- [Exercise prompt]: A word-for-word copy of the data, with no images, is the required answer.

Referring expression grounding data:

◆ ◆ ◆ ◆ ◆ ◆ ◆

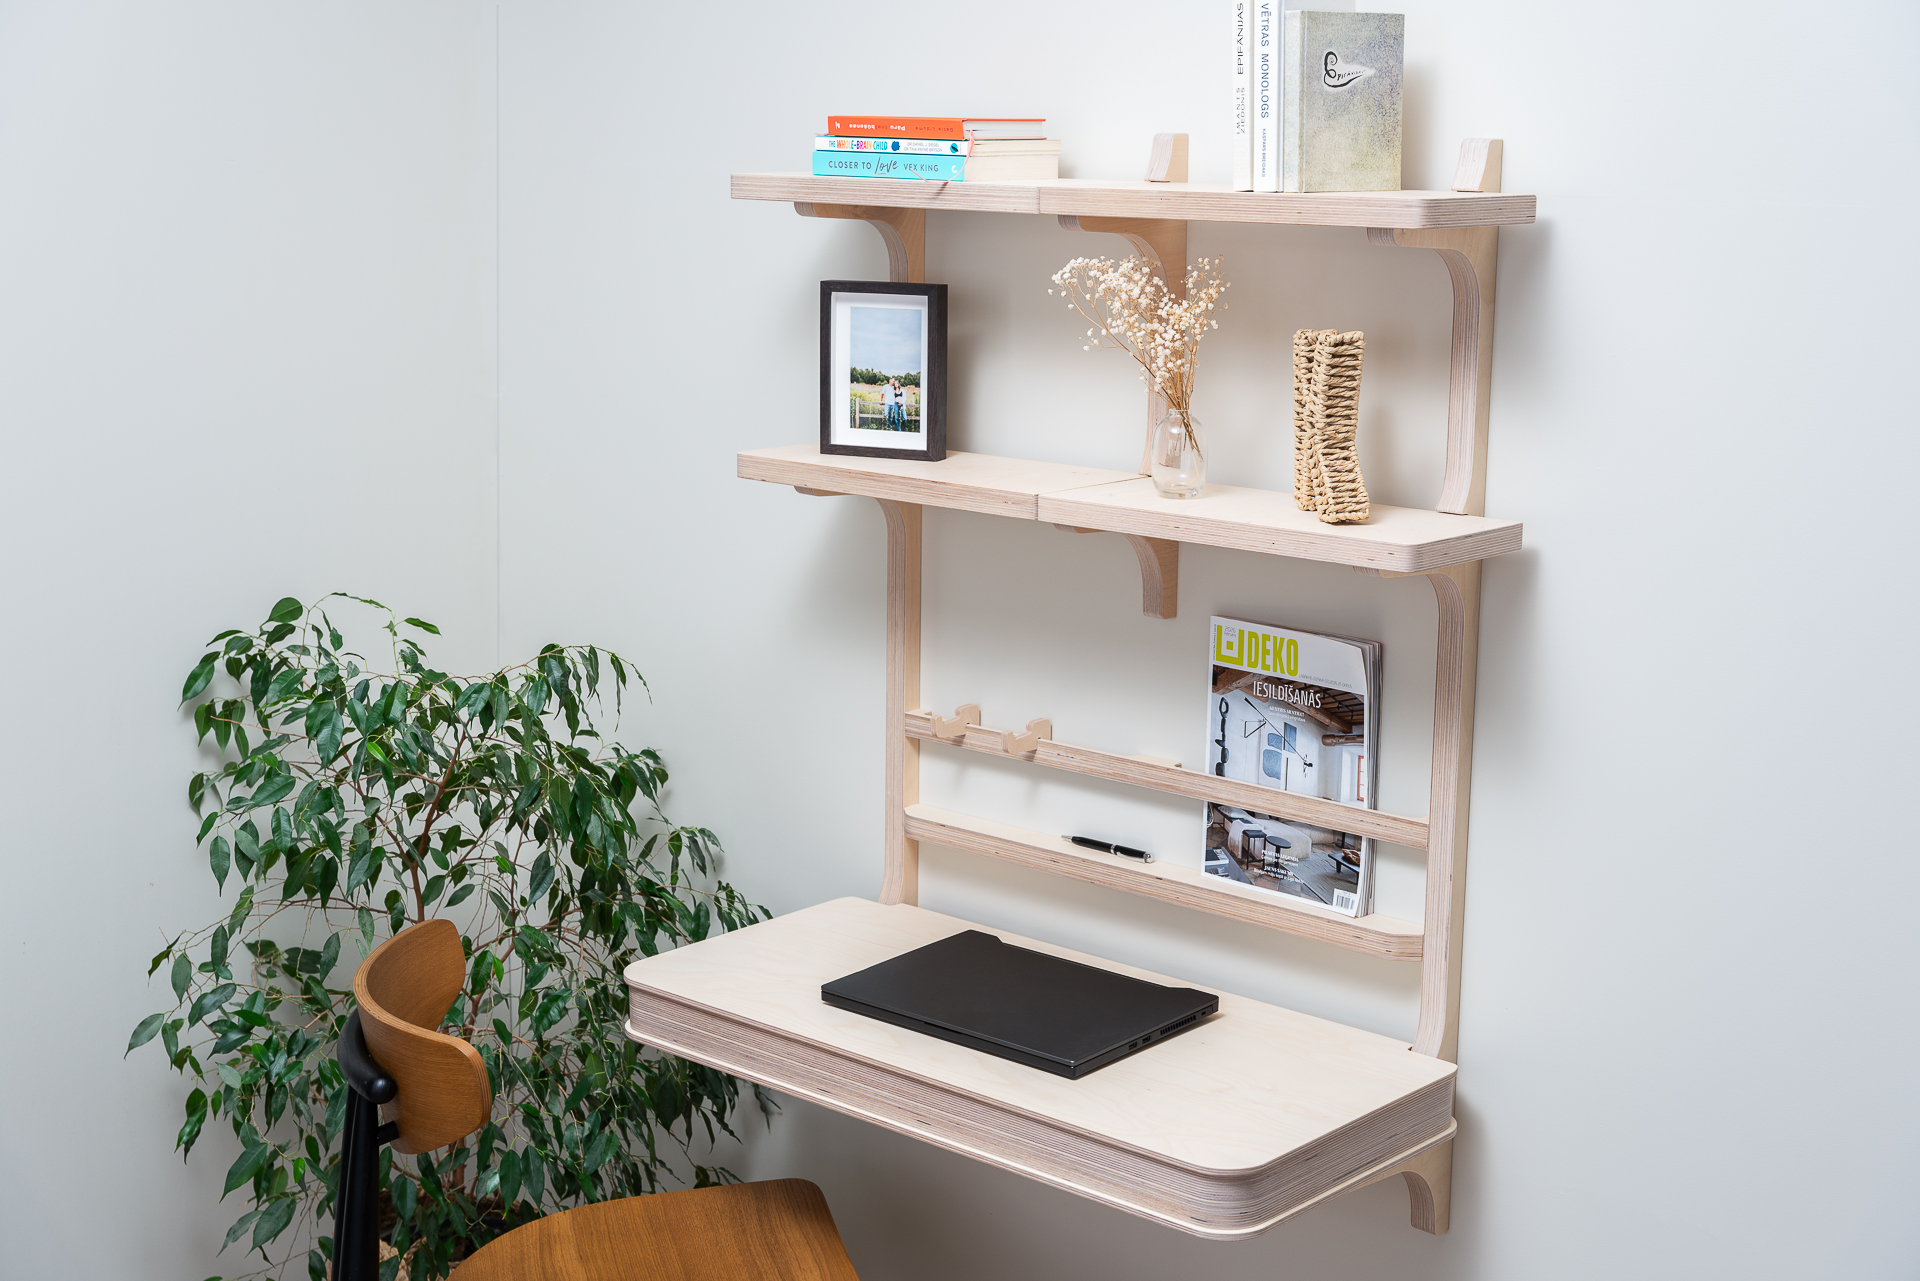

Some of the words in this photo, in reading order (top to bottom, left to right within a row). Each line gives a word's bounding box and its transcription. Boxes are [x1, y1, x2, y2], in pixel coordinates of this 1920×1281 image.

[1261, 2, 1272, 47] VĒTRAS
[1261, 53, 1270, 119] MONOLOGS
[836, 139, 872, 150] WHOLE-BRAIN
[873, 140, 888, 151] CHILD
[828, 160, 859, 169] CLOSER
[861, 161, 872, 170] TO
[874, 156, 899, 175] love
[903, 163, 918, 172] VEX
[920, 163, 939, 172] KING
[1247, 630, 1299, 677] DEKO
[1253, 680, 1322, 709] IESILDĪŠANĀS

◆ ◆ ◆ ◆ ◆ ◆ ◆

- [Result below]:
Some of the words in this photo, in reading order (top to bottom, left to right within a row). Each line gives a word's bounding box and its transcription. Boxes are [x1, y1, x2, y2], in pixel coordinates of this 1920×1281 image.

[1261, 2, 1272, 47] VĒTRAS
[1261, 53, 1270, 119] MONOLOGS
[836, 139, 872, 150] WHOLE-BRAIN
[873, 140, 888, 151] CHILD
[828, 160, 859, 169] CLOSER
[861, 161, 872, 170] TO
[874, 156, 899, 175] love
[903, 163, 918, 172] VEX
[920, 163, 939, 172] KING
[1247, 630, 1299, 677] DEKO
[1253, 680, 1322, 709] IESILDĪŠANĀS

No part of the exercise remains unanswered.